Since i had the interior all apart anyway I started looking around at the drivers side. There is a large rot hole in the area where the starter relay is on the kick panel, much worse than the other side. After I am done with the rust repair and all the SFCs, I am going to paint the entire underside of the car and do a lot more seam sealer, I do not want this to happen again.

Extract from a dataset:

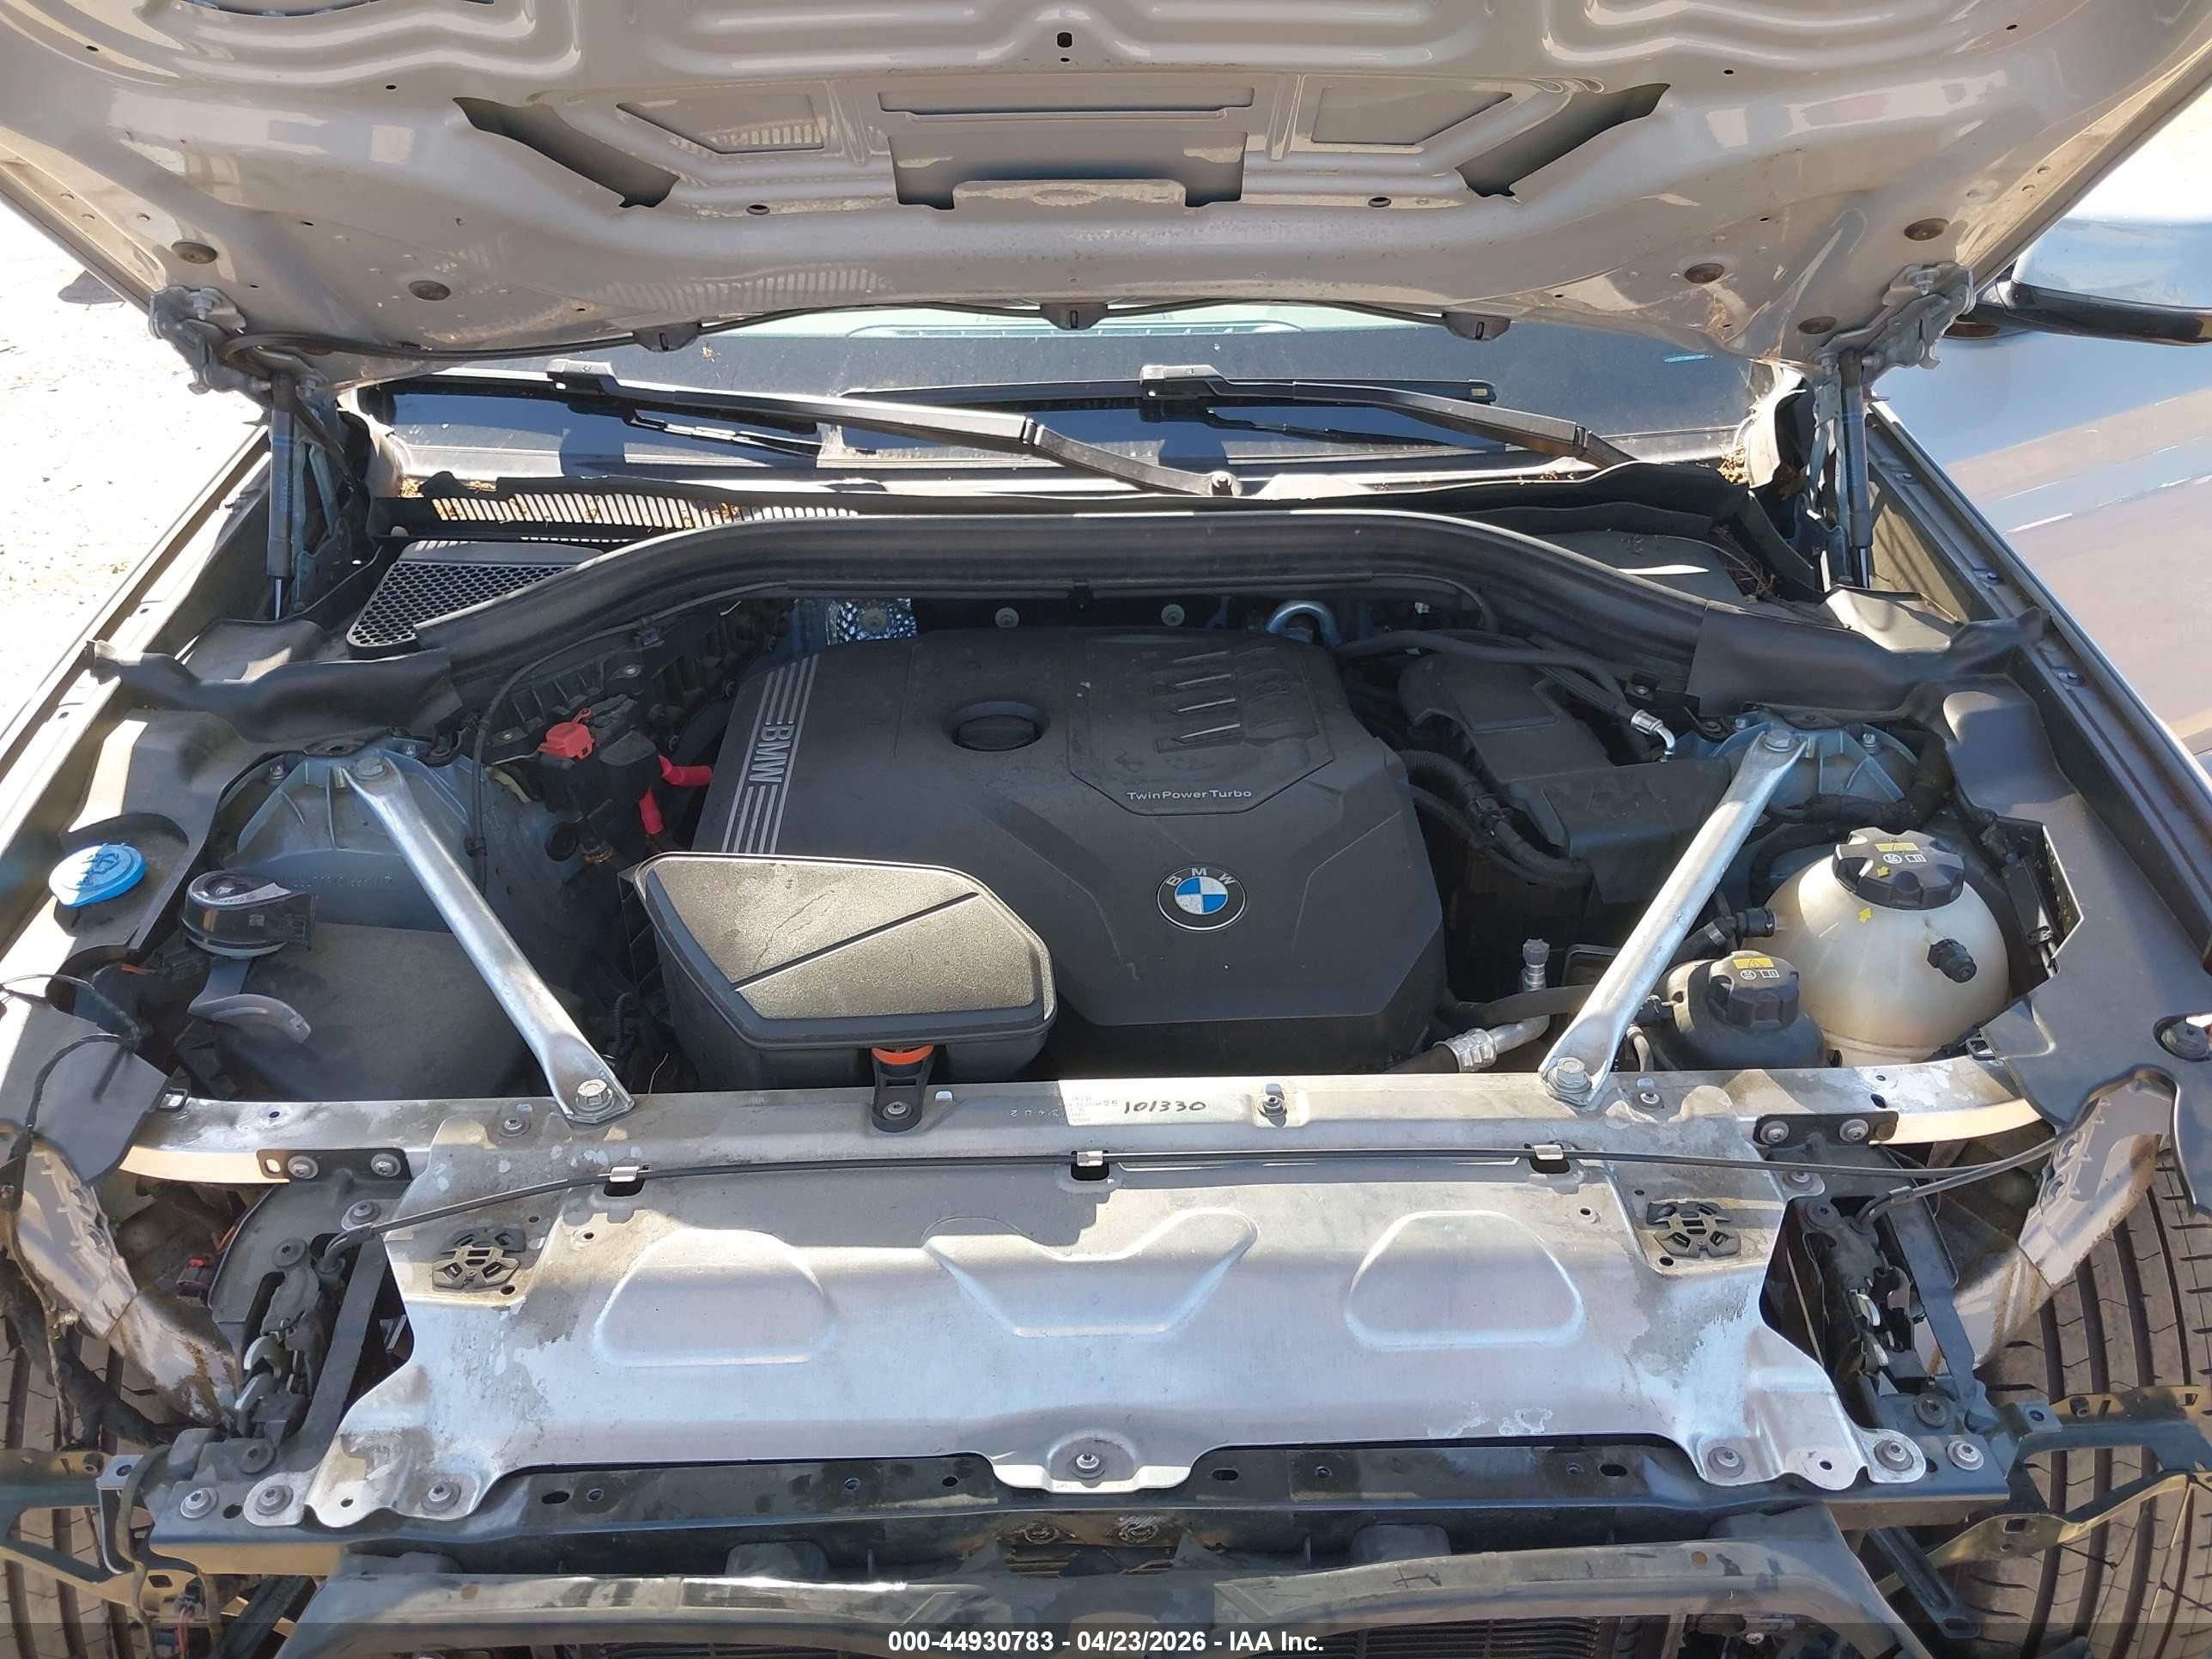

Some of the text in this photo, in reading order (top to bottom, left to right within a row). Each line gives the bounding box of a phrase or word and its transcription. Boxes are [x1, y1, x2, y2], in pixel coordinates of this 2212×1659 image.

[749, 725, 794, 782] BMW
[1166, 867, 1237, 886] BMW
[1124, 1101, 1206, 1114] 101330

It just sucks that a freeze plug in the 3.1 has lead to a complete tear down and finding so many problems. At this point the only thing that will be attached to the body will be the hatch during the tear down. I plan on removing everything in the engine compartment for paint, the interior had to come out for the SFC's and fuel pump access weld/closeup and the dash is out since it would be too difficult to repair the cowl area with the dash in place. I will also do some "upgrades" while it is all apart. I will do some vibration damping and additional sound proofing, probably new carpet, headliner re-covered since my was falling, the dash and interior panels will get foam all inside and between parts so it doesn't rub/squeak. I will also re-wire the back up lights and the starter relay since I am going from an auto to a manual and I like everything to work like factory. I also have an idea to put some LED's under the bottom of the door that illuminate with the dome light, like a newer car, which I also think is a good safety item since i like to park in the street. I also want to do some LED's behind the door handle that will illuminate and hold for a time period, activated from the unlock signal from my car alarm. Another upgrade I plan is a heavy 10 gauge wire and relays to work the windows. I had replaced the motors when I bought the car and they were much faster than any other 3rd gen I had owned, so relay control and heavy power wire should make them amazing, I think I am also going to get and express module so I can have the alarm roll the windows down.
I also bought some new speakers since I was running the factory ones still. I have the TDS greasable hinge replacements and I have to buy some new detent rollers, the drivers one is so bad it makes the door difficult to close sometimes.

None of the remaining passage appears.